Return every record below exactly; leave out the images.

→ **Material supplied**
▬▬▬▬▬▬▬▬▬▬
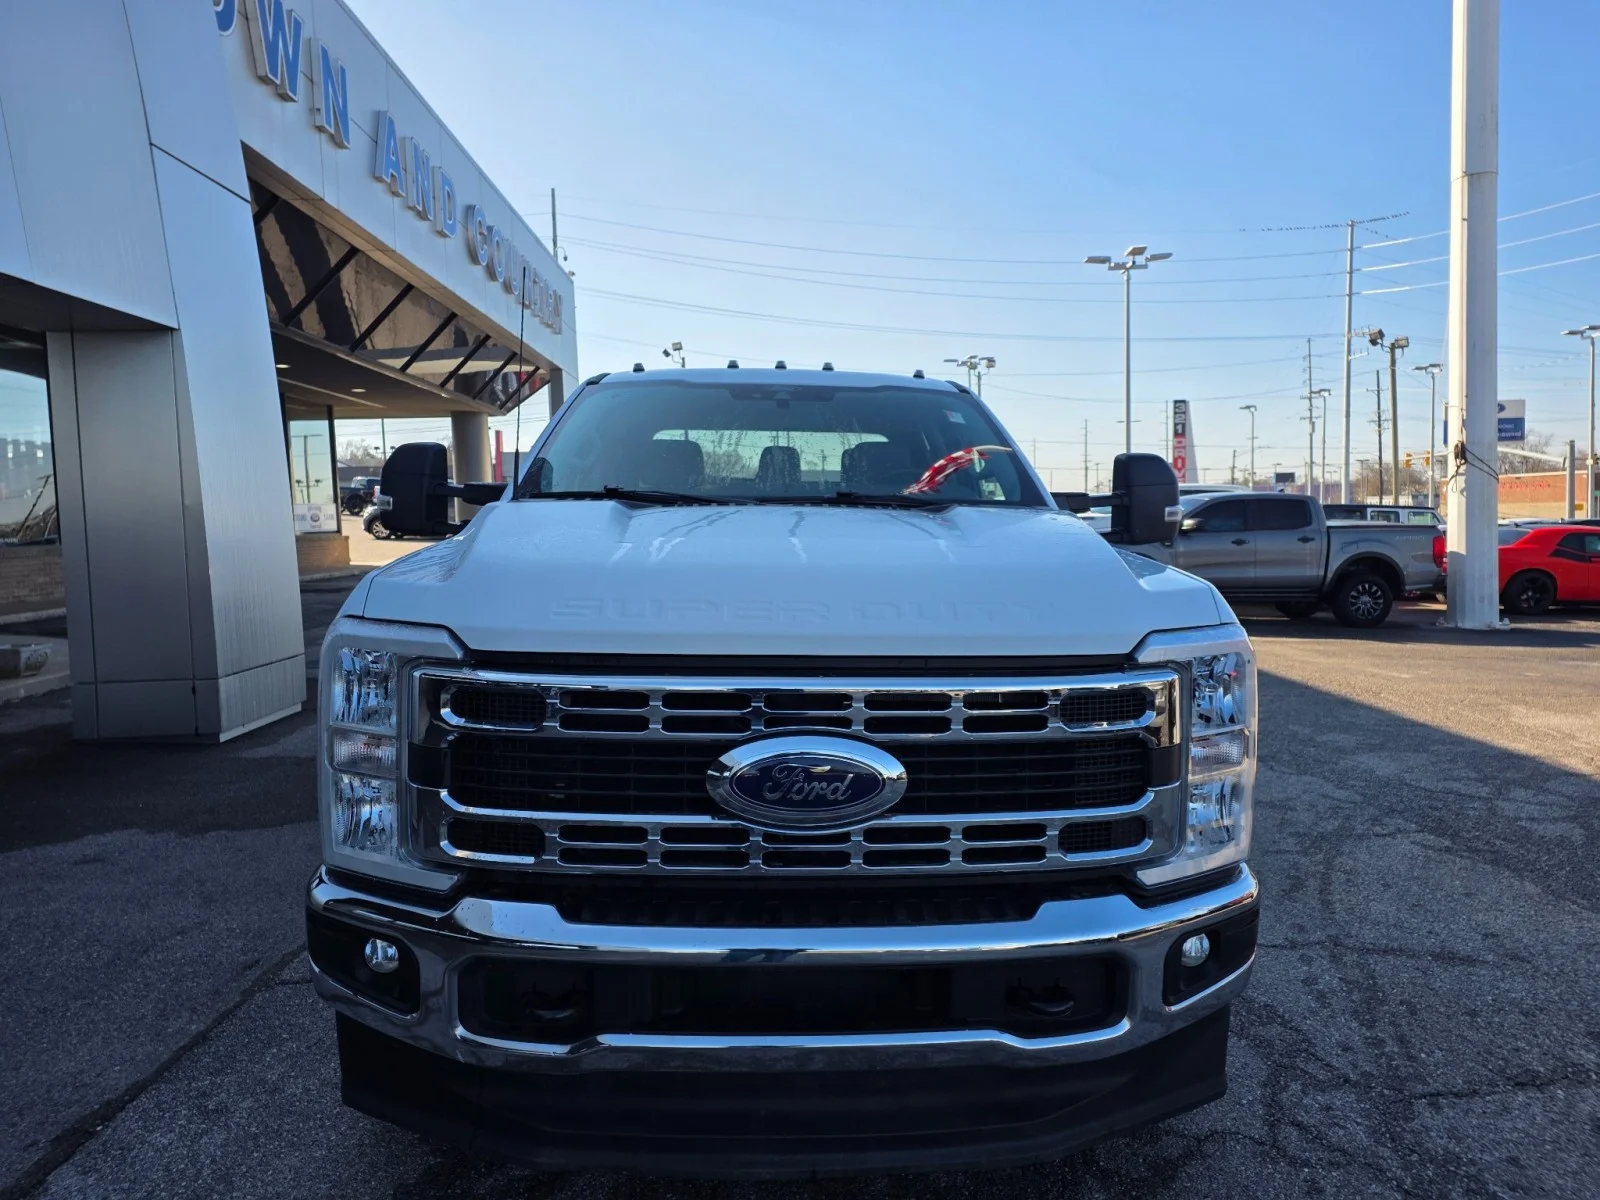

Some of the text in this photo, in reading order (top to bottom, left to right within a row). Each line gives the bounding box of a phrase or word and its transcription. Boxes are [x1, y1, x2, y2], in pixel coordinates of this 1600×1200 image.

[375, 110, 457, 238] AND
[1174, 402, 1186, 434] 321
[549, 598, 1055, 624] SUPER DUTY
[763, 763, 854, 801] Ford
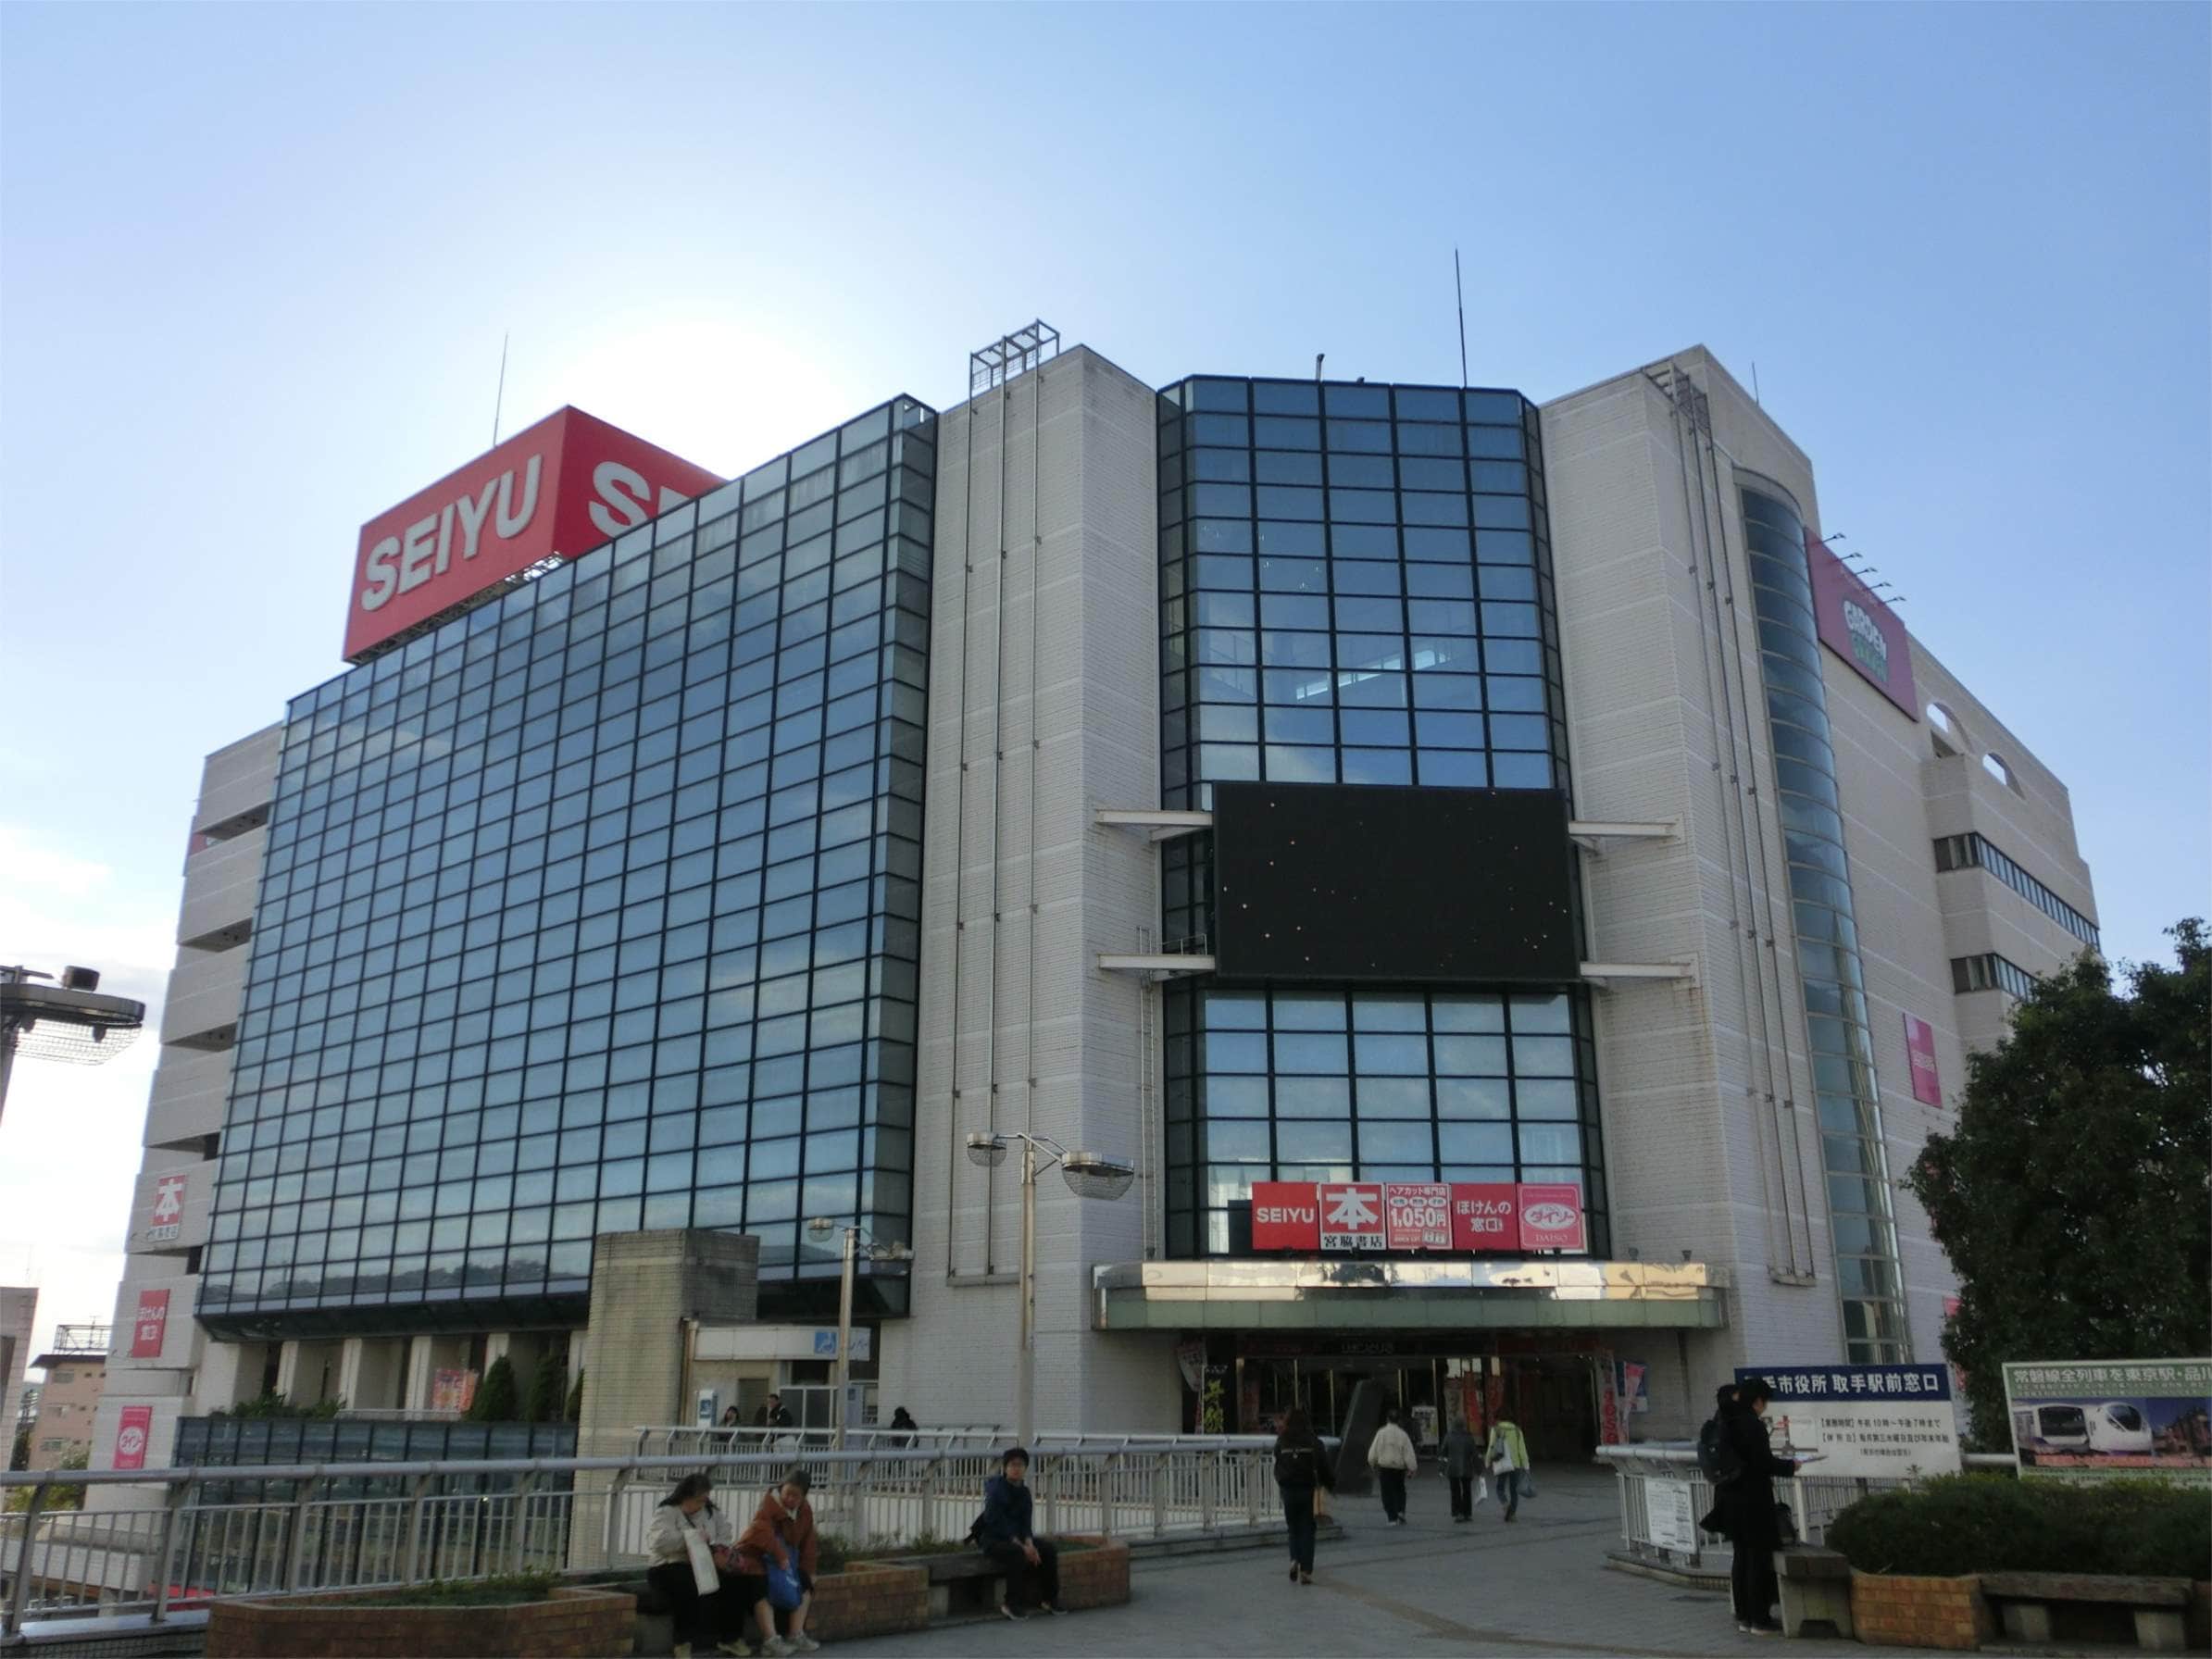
▬▬▬▬▬▬▬▬▬▬
→ **Finished exercise**
Some of the text in this photo, in reading order (top to bottom, left to right within a row). Each line gives the bounding box of a phrase or word and its transcription. Boxes are [x1, y1, x2, y2], in pixel coordinates of this 1600×1200 image.

[375, 110, 457, 238] AND
[1174, 402, 1186, 434] 321
[549, 598, 1055, 624] SUPER DUTY
[763, 763, 854, 801] Ford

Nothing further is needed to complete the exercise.